Text-to-region grounding data
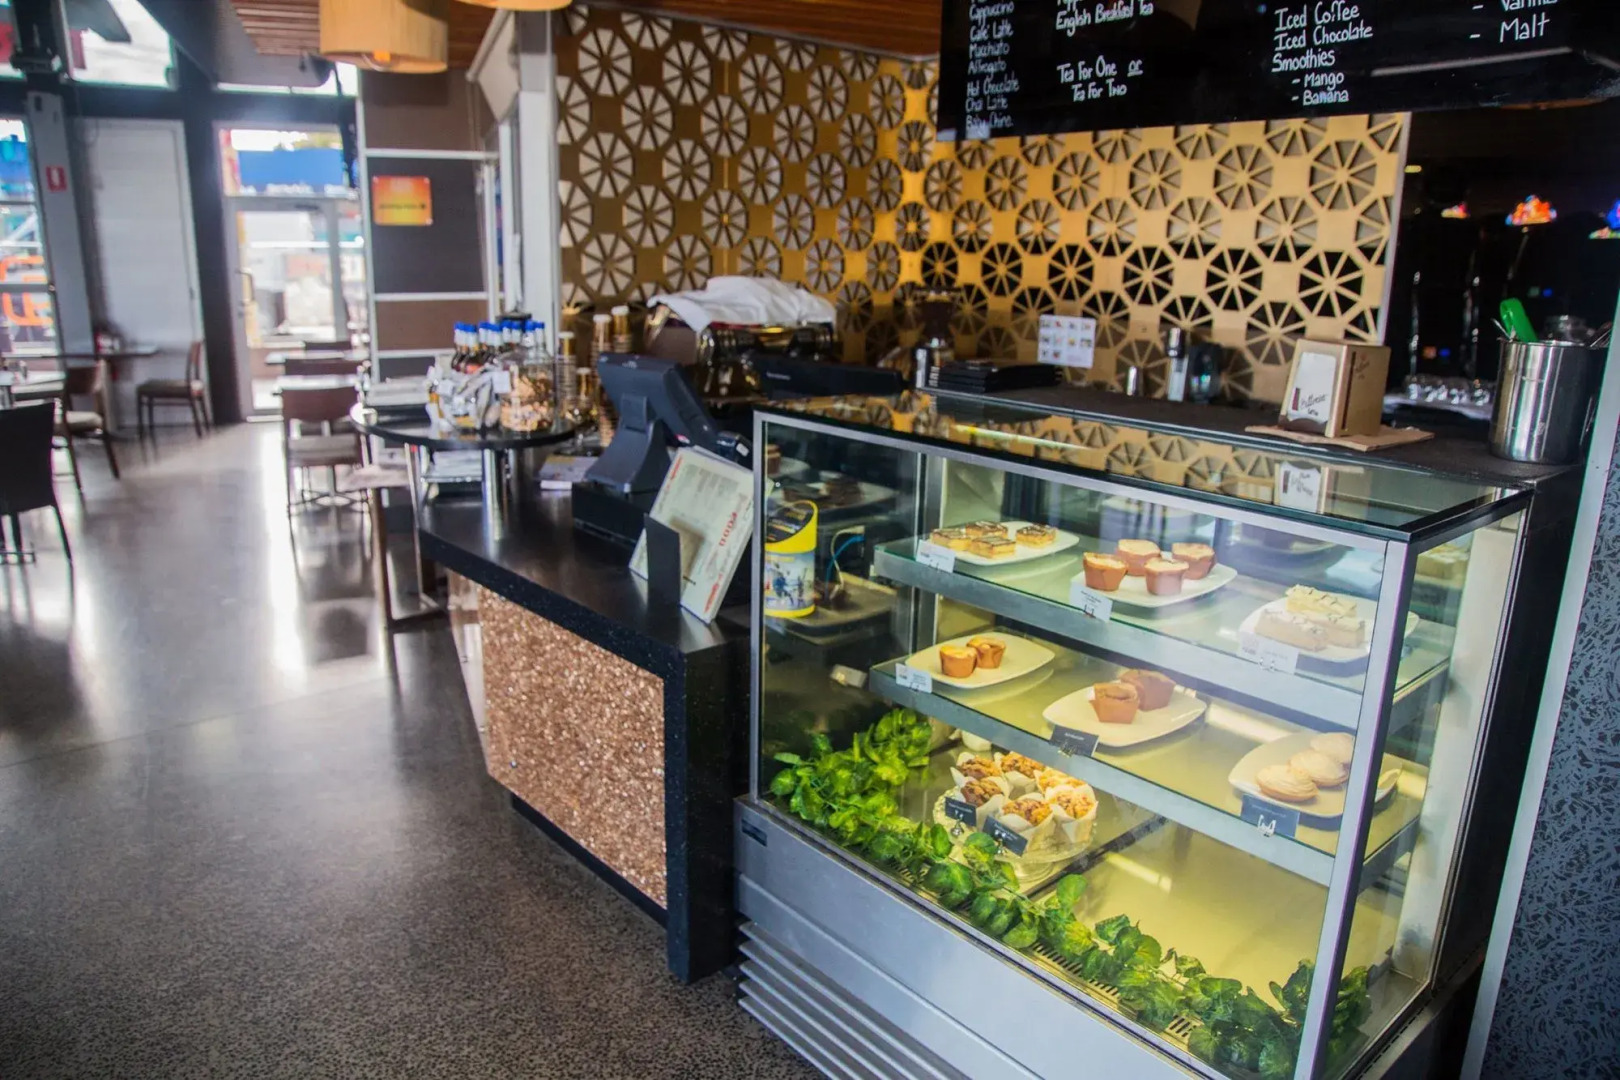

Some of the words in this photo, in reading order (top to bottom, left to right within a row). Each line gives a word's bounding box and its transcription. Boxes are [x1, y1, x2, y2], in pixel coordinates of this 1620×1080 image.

[1274, 4, 1307, 32] Iced
[1314, 0, 1360, 25] Coffee
[1501, 0, 1558, 11] Vani
[992, 18, 1014, 39] Latte
[1056, 8, 1091, 37] English
[1094, 0, 1134, 24] Breakfast
[1138, 0, 1154, 15] Tea
[1499, 12, 1550, 43] Malt
[1273, 29, 1307, 52] Iced
[1313, 19, 1374, 46] Chocolate
[1056, 63, 1074, 83] Tea
[1078, 60, 1093, 81] For
[1096, 55, 1117, 77] One
[1128, 59, 1143, 76] or
[1271, 48, 1336, 73] Smoothies
[1071, 83, 1085, 102] Tea
[1088, 81, 1103, 99] For
[1106, 78, 1127, 97] Two
[1304, 72, 1345, 91] Mango
[987, 95, 1008, 110] Latte
[1302, 89, 1349, 106] Banana
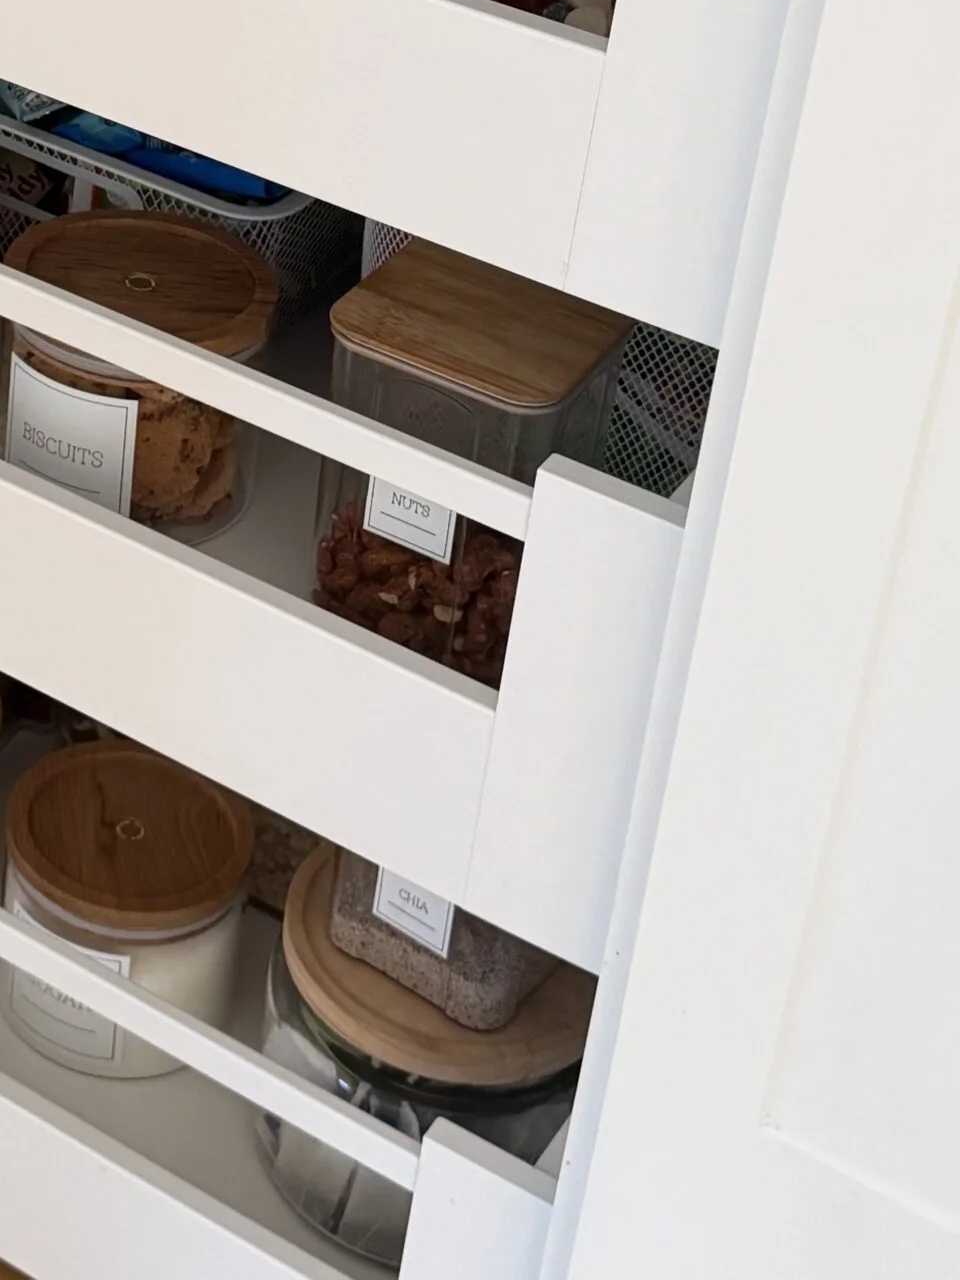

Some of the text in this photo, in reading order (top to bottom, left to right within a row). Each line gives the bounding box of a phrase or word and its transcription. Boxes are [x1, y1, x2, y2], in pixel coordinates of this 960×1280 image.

[21, 420, 105, 469] BISCUITS
[391, 491, 432, 519] NUTS
[398, 887, 430, 915] CHIA

* Exercise description
Print every record above exactly as written, leaving out the pictures.

* Solution to this task
Some of the words in this photo, in reading order (top to bottom, left to right within a row). Each line gives a word's bounding box and its transcription. Boxes are [x1, y1, x2, y2], in pixel coordinates of this 1620×1080 image.

[1274, 4, 1307, 32] Iced
[1314, 0, 1360, 25] Coffee
[1501, 0, 1558, 11] Vani
[992, 18, 1014, 39] Latte
[1056, 8, 1091, 37] English
[1094, 0, 1134, 24] Breakfast
[1138, 0, 1154, 15] Tea
[1499, 12, 1550, 43] Malt
[1273, 29, 1307, 52] Iced
[1313, 19, 1374, 46] Chocolate
[1056, 63, 1074, 83] Tea
[1078, 60, 1093, 81] For
[1096, 55, 1117, 77] One
[1128, 59, 1143, 76] or
[1271, 48, 1336, 73] Smoothies
[1071, 83, 1085, 102] Tea
[1088, 81, 1103, 99] For
[1106, 78, 1127, 97] Two
[1304, 72, 1345, 91] Mango
[987, 95, 1008, 110] Latte
[1302, 89, 1349, 106] Banana

Some of the text in this photo, in reading order (top to bottom, left to right within a row). Each line gives the bounding box of a phrase or word and its transcription. Boxes are [x1, y1, x2, y2], in pixel coordinates of this 960×1280 image.

[21, 420, 105, 469] BISCUITS
[391, 491, 432, 519] NUTS
[398, 887, 430, 915] CHIA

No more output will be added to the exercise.